No son capirotes los que tienden alfombra de cera al paso de la Ofrenda Mayor. Y la Judería espera.
Jesús Nazareno, y un sólo nombre, uno. Enrique Báez. La marcha que martillea la pena de la Virgen. La pena que nadie más abajo del calvario de rosas entiende. ¿Quiere empatía o mejor quizá sonido para no oir la frivolidad de las calles? Que si La Oliva, que si el tocado, que si miarma, que si mecanismo roto, que si últimaobradeMesa... "¿No véis a Quién llevo? ¿No véis lo que soy? ¿Adónde miran mis ojos desorbitados? Recoged los hilos del sudario que aprieta mi rabia, pero no os llevéis su sangre ni mis lágrimas, que de ahí mezcló Báez y creó el drama que acompasa mi tragedia. Y a San Agustín lo llevo, a ver si allí despierta"

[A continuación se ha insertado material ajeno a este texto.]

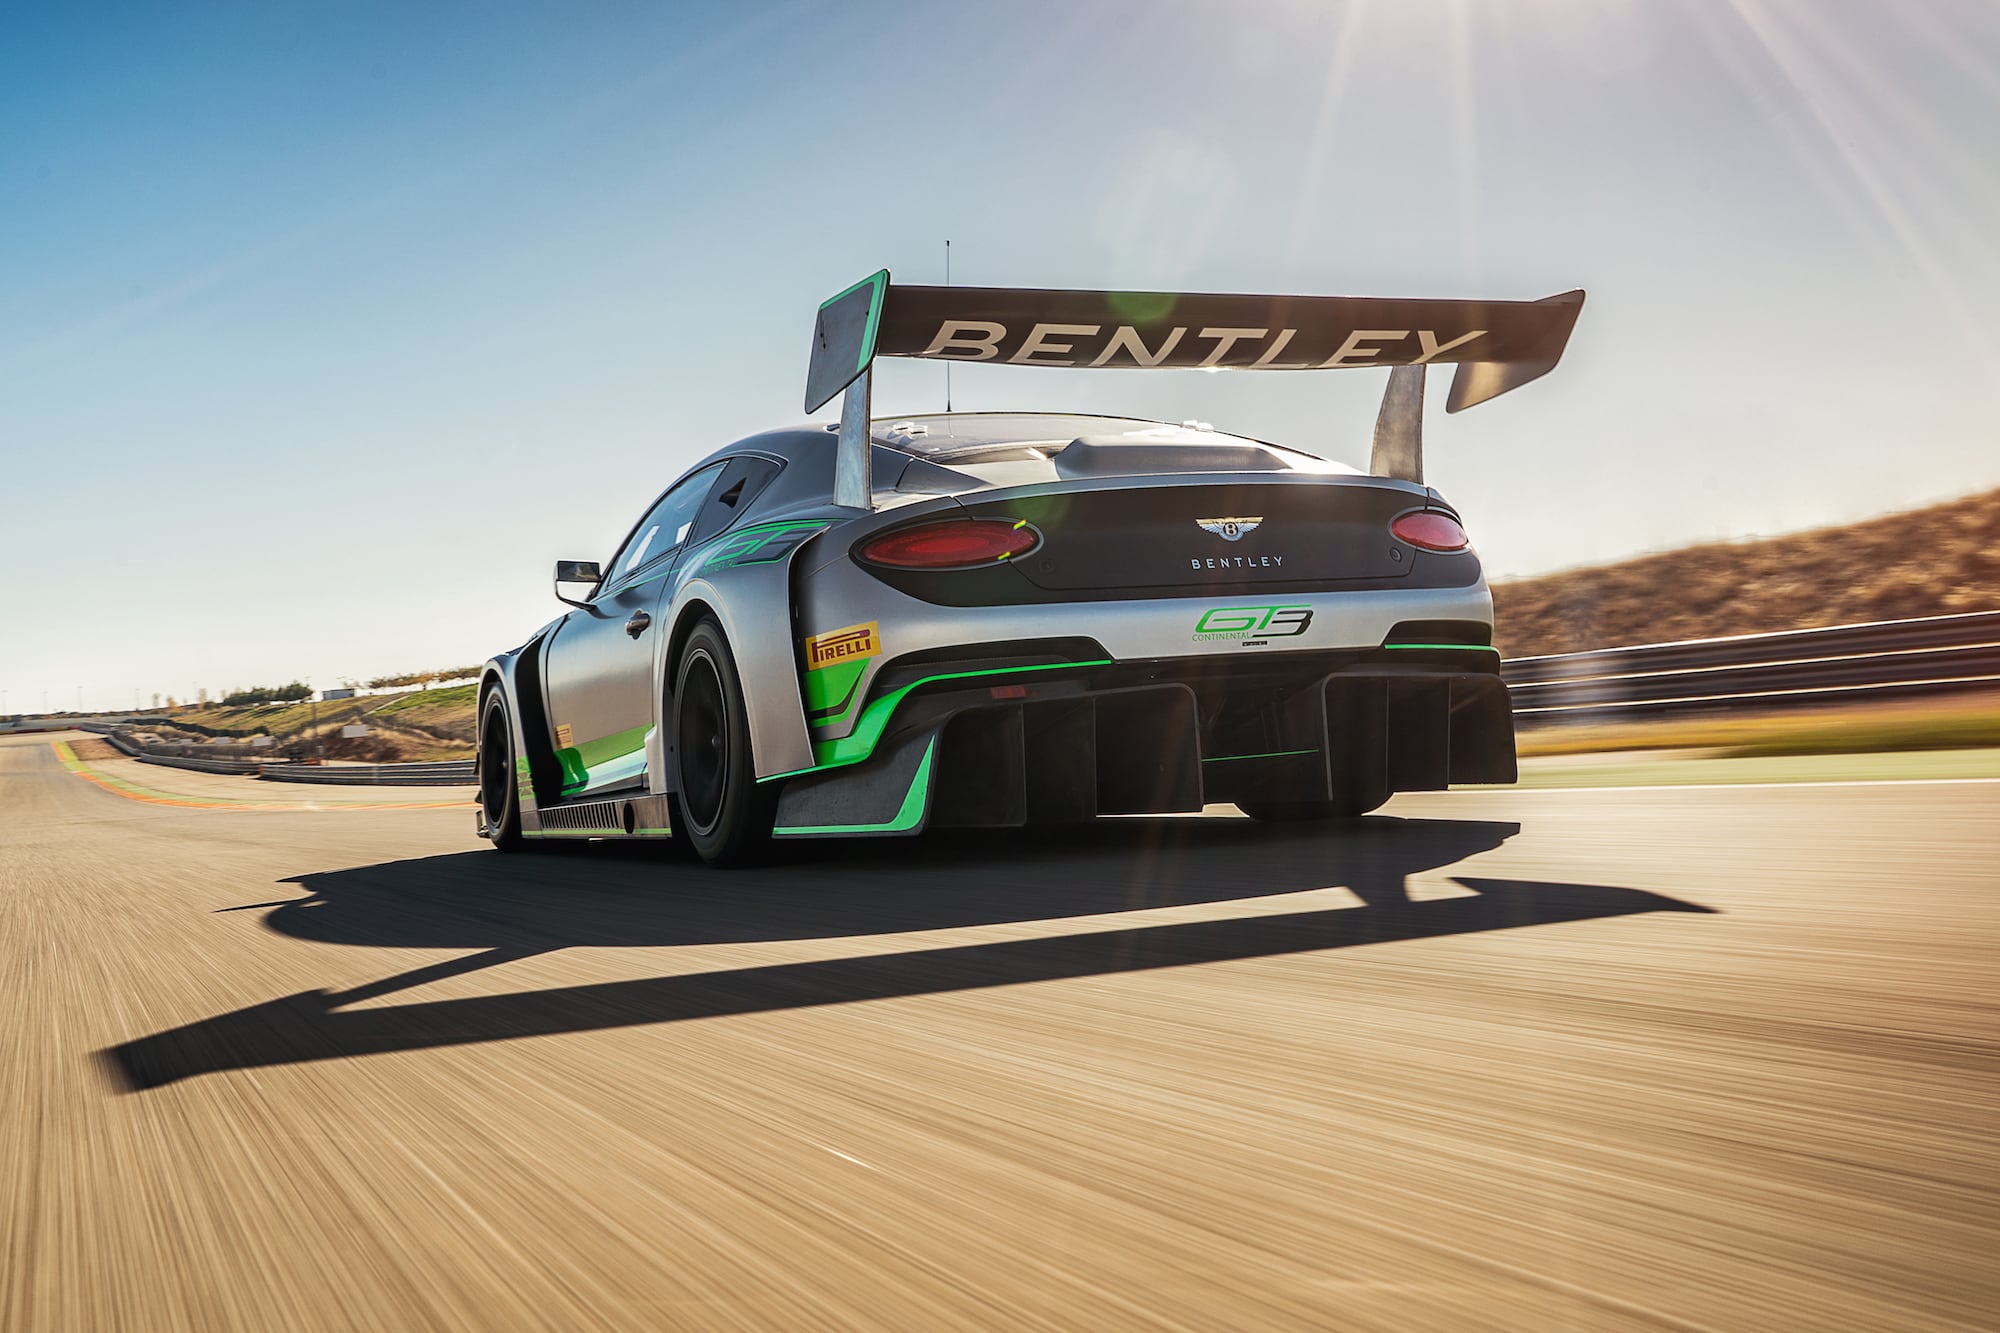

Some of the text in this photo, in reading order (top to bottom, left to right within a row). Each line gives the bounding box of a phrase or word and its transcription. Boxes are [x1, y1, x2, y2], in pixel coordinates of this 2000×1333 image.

Y sigue muerto. Por eso, el camino se hace cuesta arriba. Definitivamente muerto. La Madre se lo lleva a San Pablo. Mater Mea. Y Margot. Entonces, la Fuenteseca manó de nuevo agua, del lacrimal que desliza las paredes albas y beige, de las salamandras sobre faroles negriblancas. Tejados de un piso, y rejas de Don Gome y otros cordobeses. Dos veces seguidas soportando la Cruz de aquel cadáver... y sólo puede surgir la Salve Regina.

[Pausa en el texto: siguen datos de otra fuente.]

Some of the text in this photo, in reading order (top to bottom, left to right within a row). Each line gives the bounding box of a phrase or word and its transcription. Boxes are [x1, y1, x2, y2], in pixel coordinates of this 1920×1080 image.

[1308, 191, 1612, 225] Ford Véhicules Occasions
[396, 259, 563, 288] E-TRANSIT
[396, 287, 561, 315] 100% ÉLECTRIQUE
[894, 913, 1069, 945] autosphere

No fue Córdoba. No fueron sus calles; ni siquiera sus laberintos demoníacos; ni su Judería boicoteadora; ni la Puerta del Perdón; ni San Agustín, muda; ni tampoco fue nada, porque ni la Virgen de los Dolores hizo sombra ese día. No estaba.
Ese día fue Su llanto ausente de contexto. Ajena a todo, sí. Desde el viernes pasado comencé a mirarte de fuera hacia adentro. Mi último amor de verano, Tú, Angustias. Mi último amor.